82nd Annual Golden Globes®
00d : 00h : 00m : 00s
  • Festivals

Cannes 2022: James Gray’s “Armageddon Time” (2022)

Armageddon Time stars Golden Globe-winning actors Anne Hathaway, Anthony Hopkins, and Jeremy Strong. The drama is set in New York in the 80s. It’s an autobiographical film by director James Gray (The Immigrant, We Own the Night), which looks back on the racism he suffered from the age of 12 growing up in Queens in a working-class Jewish family.

The film chronicles the director’s friendship with a Black classmate, Johnny (Jaylin Webb), who endures his own battle with discrimination. The story is also about the sociopolitical aspects of that era and how they laid the foundation for the societal edifice standing today. During a press conference at the Cannes Film Festival, the American director talks about his most personal film to date.

“The very grim fact is that I am no longer 29 years old. When you get old, you start to look back. I used to tell my children my childhood stories. They asked me to bring them back to where I grew up, and we went.

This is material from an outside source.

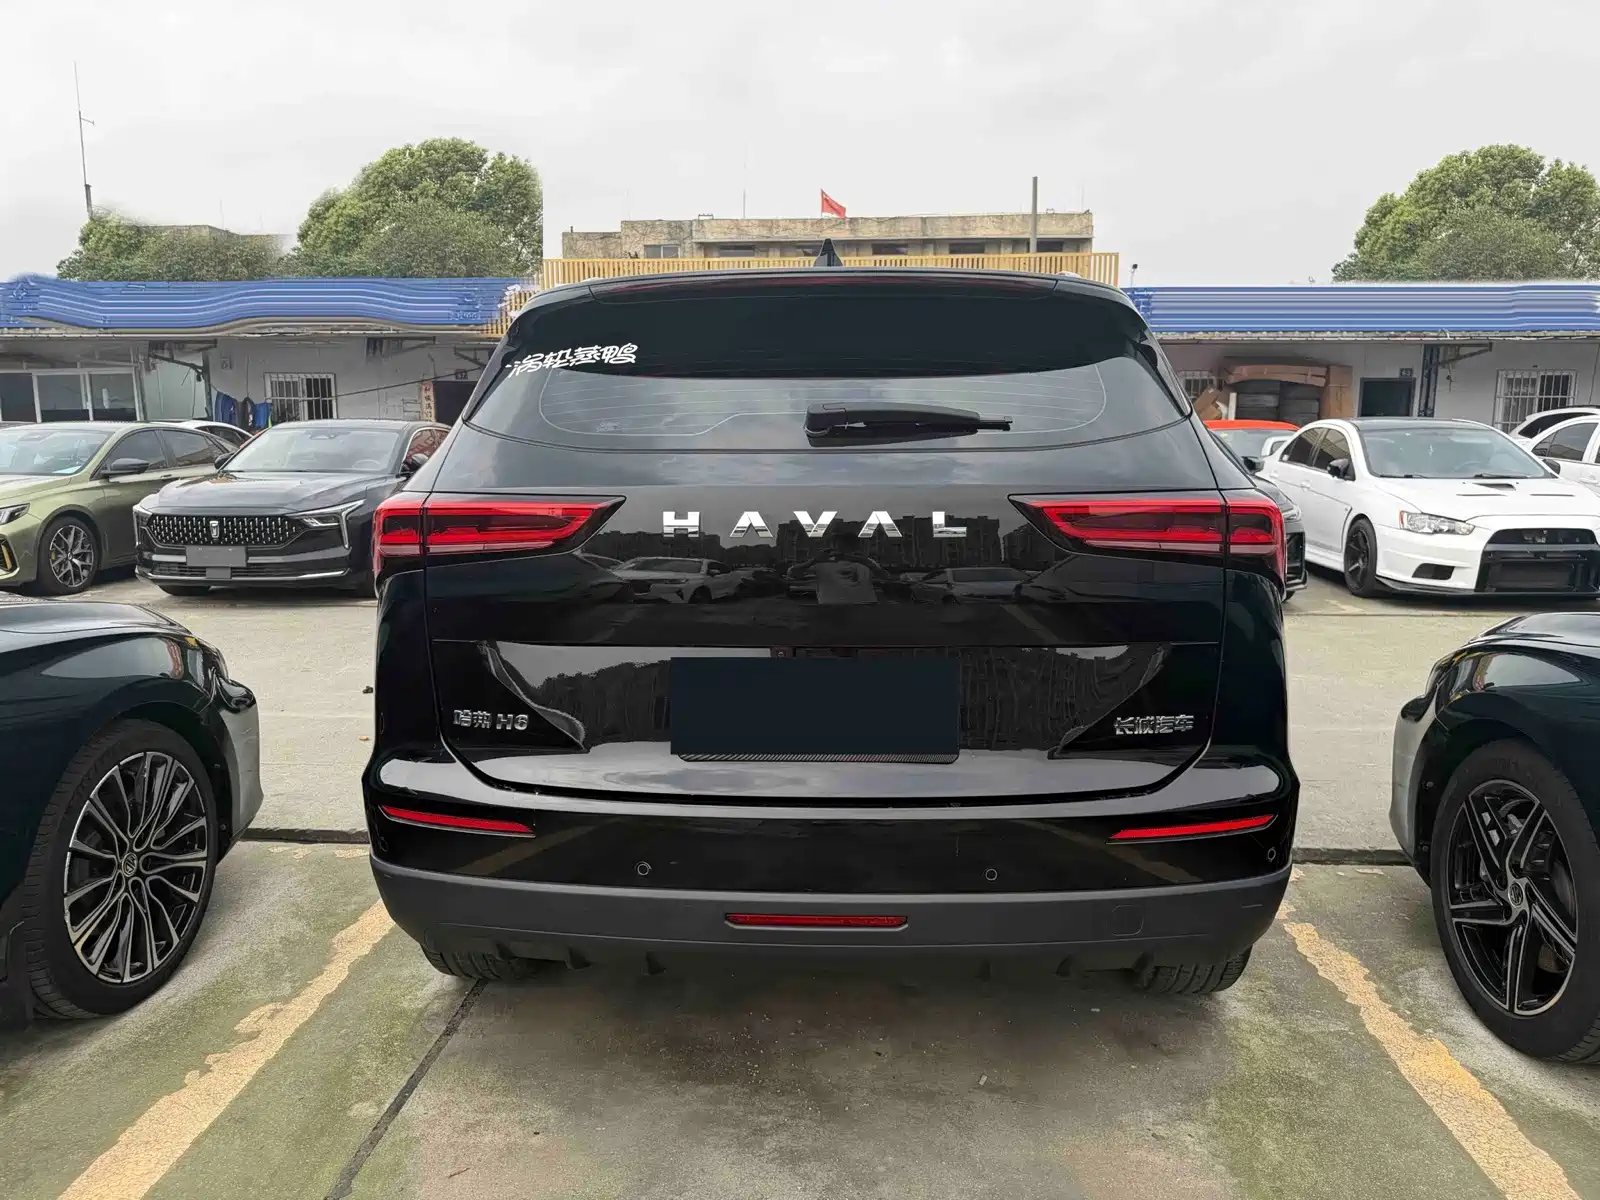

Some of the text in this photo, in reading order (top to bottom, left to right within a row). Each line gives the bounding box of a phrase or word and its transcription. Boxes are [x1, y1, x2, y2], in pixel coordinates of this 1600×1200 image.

[662, 510, 968, 538] HAVAL
[1113, 714, 1195, 735] 长城汽车

There was very little evidence that I had ever lived there or that my parents and grandparents had been there. All of a sudden, it felt like a ghost story wanting to come out. That was the genesis of it, a few years back. It’s been in my mind ever since,” he explains of the film’s origin story. “Then, I had a bunch of lonely nights in a wonderful Paris apartment. I was doing an opera, The Marriage of Figaro, and I had lots of free time. I started to write it.”

Banks Repeta (Uncle Frank, The Devil All the Time) plays Gray as a child. Anne Hathaway plays his mother, Esther. Jeremy Strong is Irving, his father. Hopkins plays his grandfather. As per Gray’s modus operandi in many of his films, Armageddon Time shines a light on family dynamics. In this case, he utilizes the U.S. at a tipping point: the ascension of Ronald Reagan to the presidency. For many Americans that moment in time marked the beginning of a toxic divide, a continually widening sociopolitical chasm that separates the nation to this day.

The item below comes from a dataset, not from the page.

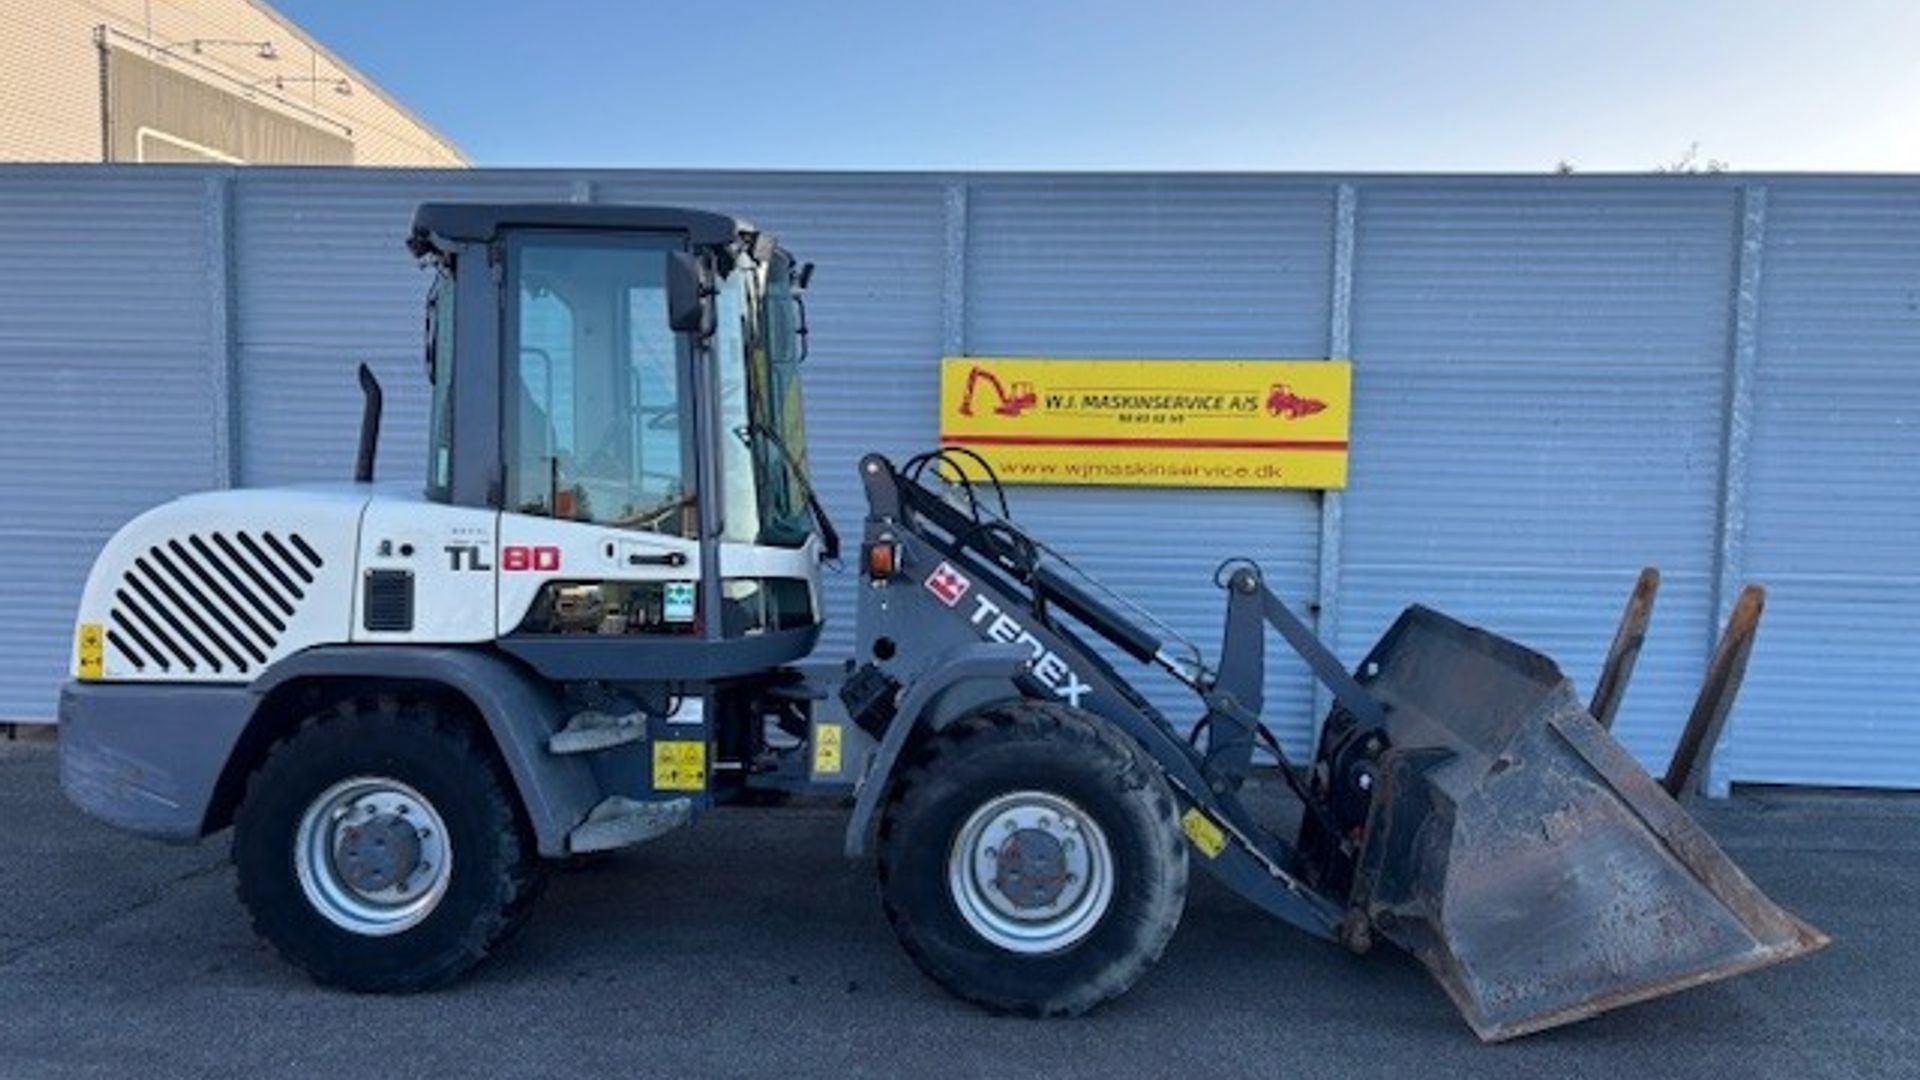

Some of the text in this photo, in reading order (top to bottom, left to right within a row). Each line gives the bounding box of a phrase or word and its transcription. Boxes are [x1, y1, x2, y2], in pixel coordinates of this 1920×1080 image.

[1044, 395, 1259, 412] W.J. MASKINSERVICE A/S
[1000, 463, 1283, 479] www.wjmaskinservice.dk
[444, 546, 560, 571] TL 80

Gray says, “The truth is, history is very complex and has many layers, but there are inflection points and people do make a difference in both positive and negative ways. My memory of it, at least as a 12-year-old at the time, was when Muhammad Ali, a big hero of mine growing up, lost in very humiliating fashion to Larry Holmes that fall. A few months later, John Lennon was murdered and Ronald Reagan became president. Of this, my mother said, ‘There’s going to be a nuclear war.’ She’d constantly say that. The feeling of Armageddon was just sitting on the family. I also believe it was the beginning of a ‘Market is God’ idea. If you look at the rise of inequality – a world issue, really – it began around 1979, 1980,” he says. “It’s an inflection point in history that is, in some ways, quite underrated. At least so far.”

 

 

Jeremy Strong, one of the stars of the hit drama Succession, a Golden Globe winner, draws parallels between the contemporary world in which Succession is set and the Greed is Good ethos of the 80s.

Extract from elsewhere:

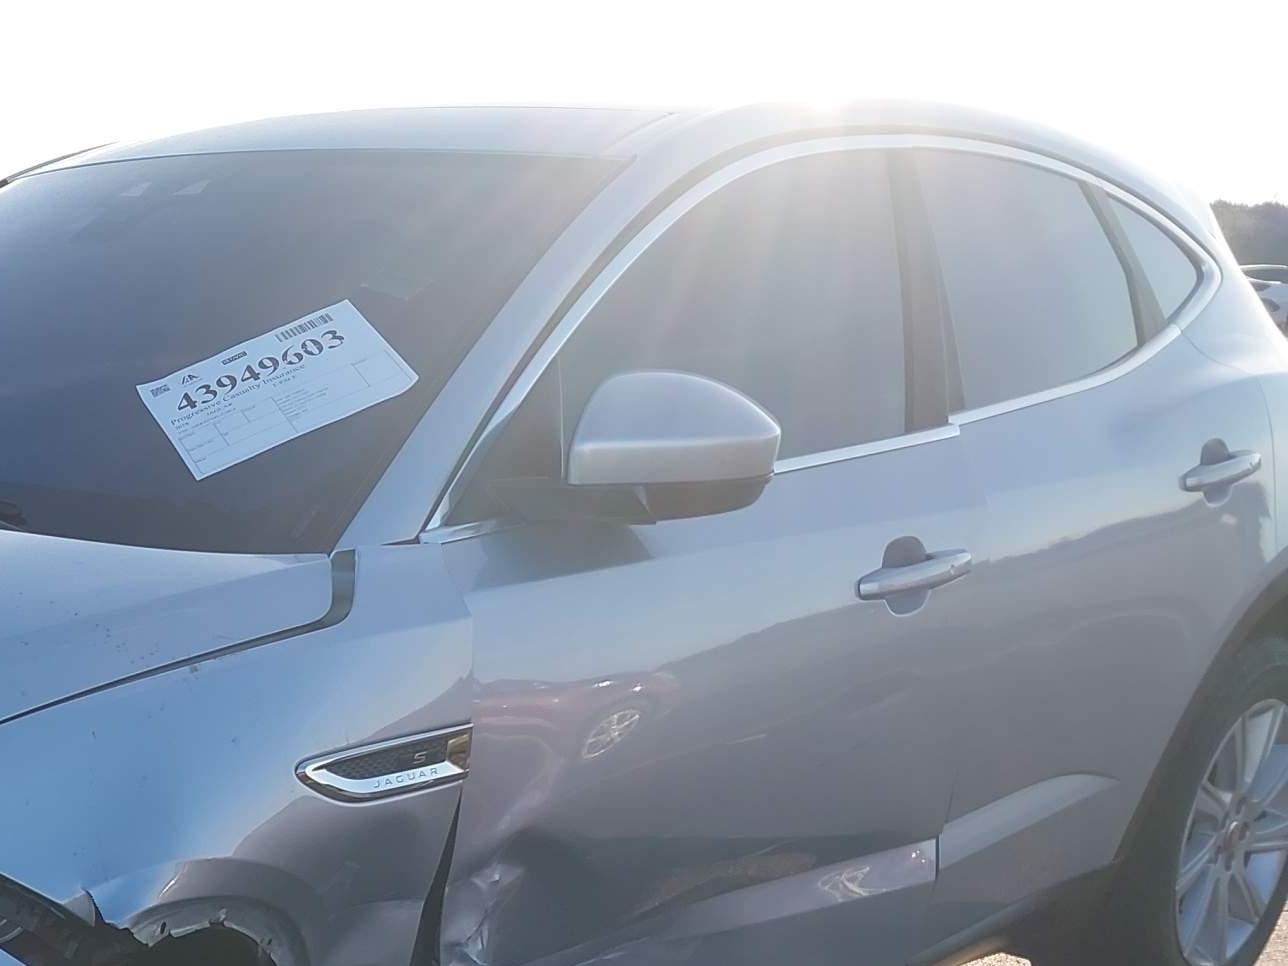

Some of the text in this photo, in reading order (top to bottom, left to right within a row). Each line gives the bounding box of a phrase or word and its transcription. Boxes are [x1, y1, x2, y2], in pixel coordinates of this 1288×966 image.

[178, 330, 344, 410] 43949603
[413, 752, 427, 764] S
[373, 767, 439, 789] JAGUAR

“As an actor, you sort of enter into a piece fully. So, Succession doesn’t exist for me when we’re in this world. But the fault lines that we see starting to crack in this film – that are, actually, enormous – widen and widen and widen and become the political and social and racial divisions in our society and in the world today. This we see, in microcosm, in this film. The television show I work on is, in so many ways, about late-stage capitalism and terminal decadence in the United States. The prefiguration of all of that, in a way, is the genome of this film.”

Anne Hathaway thoroughly enjoyed playing Gray’s mother. “It was an honor. My husband is Jewish. We spoke a great deal about what it would mean to represent this in art but, also, what it would mean for our family. My mother-in-law, who passed recently, was simply the greatest Jewish mother I’ve ever seen. Her legacy influences my life in profound ways that I am truly, truly grateful for. The hand of a Jewish mother will guide the rest of my life,” she says. “If I have done one thing in terms of capturing the depth of that love and that connection, honestly, I won’t even attempt to put it into words. Because it is beyond. That’s why I’m so grateful to cinema. It allows you to say things without words.”

Gray’s latest offering has received rave reviews. The film’s important themes are pertinent wherever you may sit on the socio-economic scale. “I have no idea how to solve issues of inequality of class. When you don’t have an idea of how to solve things, you have to just simply put it out in front of the audience and hope that they can make connections for themselves,” notes the director. “We are here to pose questions. We are here to illustrate and shine a light on our personal and more intimate impressions. The rest is left to you.”